# Scrape RateMyTeacher.com

In this notebook we can scrape the entirety of RateMyTeacher.com. This process consists of a layered approach. The first step is to download a map of all the reviews on RateMyTeacher.com 

In [1]:
import multiprocessing
import pandas as pd
import os 

import rmt_scraper

# During dev, reload the module after any alterations
#from importlib import reload 
#rmt_scraper = reload(rmt_scraper)

# find the number of processors 
processors = multiprocessing.cpu_count() - 1

Instantiate the scraper for the US by feeding it the US homepage for rmt. RMT contains reviews from many english speaking countries. The homepage for any of these may be submitted via this scraper. Once the scraper is instantiated it will automatically populate all the available states (or country equivalent) for the submitted homepage. 

In [2]:
# instantiate the scraper to scrape the U.S. database
scraper = rmt_scraper.rmt_scraper('https://www.ratemyteachers.com')

# load the last instance of the database 
scraper.load_sitemap()

# load the school description database so it can be built out as well
scraper.load_schooldb()
print('\nFind the sitemap under "scraper.reference_database" and the school database has been saved in "scraper.school_database"')

Scraper setup for https://www.ratemyteachers.com
Populating states

Find the sitemap under "scraper.reference_database" and the school database has been saved in "scraper.school_database"

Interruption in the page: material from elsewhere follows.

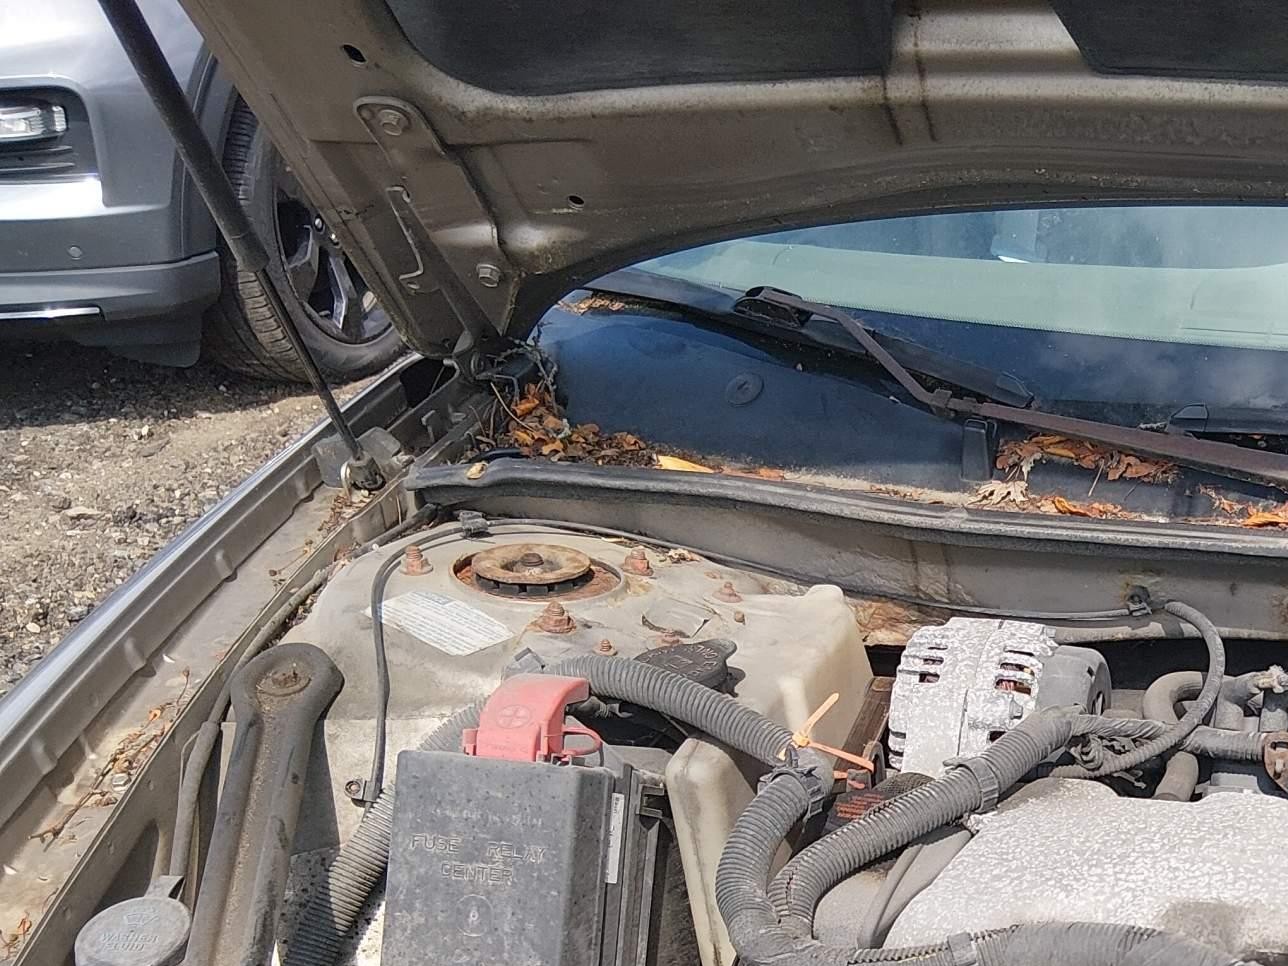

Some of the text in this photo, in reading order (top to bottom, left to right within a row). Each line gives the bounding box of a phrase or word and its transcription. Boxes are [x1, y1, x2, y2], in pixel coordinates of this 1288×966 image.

[408, 832, 548, 864] FUSE RELAY
[441, 861, 513, 885] CENTER
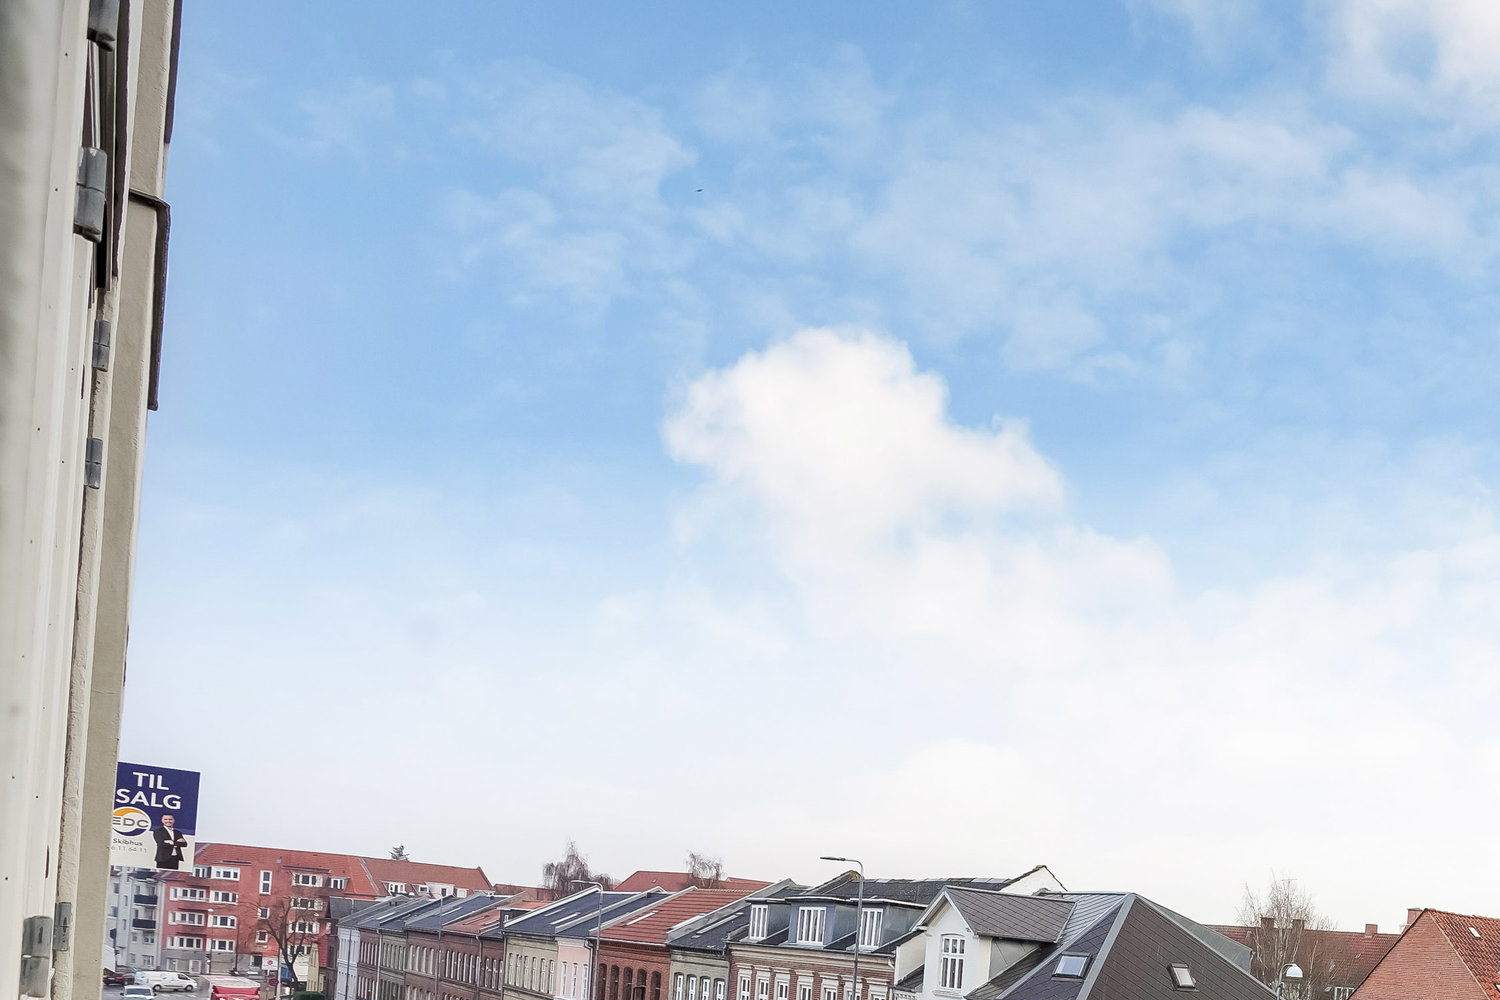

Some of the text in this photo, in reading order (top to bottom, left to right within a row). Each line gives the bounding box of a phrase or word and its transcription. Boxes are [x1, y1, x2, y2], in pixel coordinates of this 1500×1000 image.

You can review the states by typing *scraper.states* to view the states attribute. 

## Generate Site Map
<br>**THIS STEP GENERATES THE <font color = red>"reference_database.csv"</font> AND <font color=red>"school_database.csv"</font> DATASETS, SKIP IF YOU PLAN ON USING THE EXISTING VERSIONS IN THE "data" DIRECTORY**</font>

<br>In this next step we use the *refresh_database* method to generate a ".csv" file with database (site map) containing the nested fields ***State > City > School > Teacher*** where Teacher is the most specific webpage. Reviews can then be collected from each teacher page. 

**Scraping the sitemap can take a few hours and fail due to connection interruptions, but all is not lost!!!** The *refresh_database* method automatically saves everything that was scraped to a ".csv" file in the data directory called "reference_database.csv" and a complimentary dataset containing school descriptions to a dataset called "school_database.csv". If you rerun the scraper (even if you've instantiated a new one) it will automatically look for these files in the data directory and ask you if you want to load it, you can also submit a custom pandas DataFrame object to *refresh_database* for the scraper to build on.

Note that using the *refresh_database* command will generate this site map for all available states in *scraper.states*. To view use a subset of states simply set the *scraper.states* attribute equal to a subset of itself. To regain the full state list without re-instantiating the scraper use *scraper.get_states(scraper.home_url)*.

### Threaded Scraping 

The scraper rmt_scraper object supports multi-threaded scraping which can be used to significantly speed up the process. Use the workers argument in the *refresh_database* method to indicate the number of CPUs to use. Feed it *(workers = -1)* to use all available cores. If you want to stop this code block at any time I suggest you disconnect the internet, it will be faster than interrupting the kernel and won't risk losing you your data in a crash.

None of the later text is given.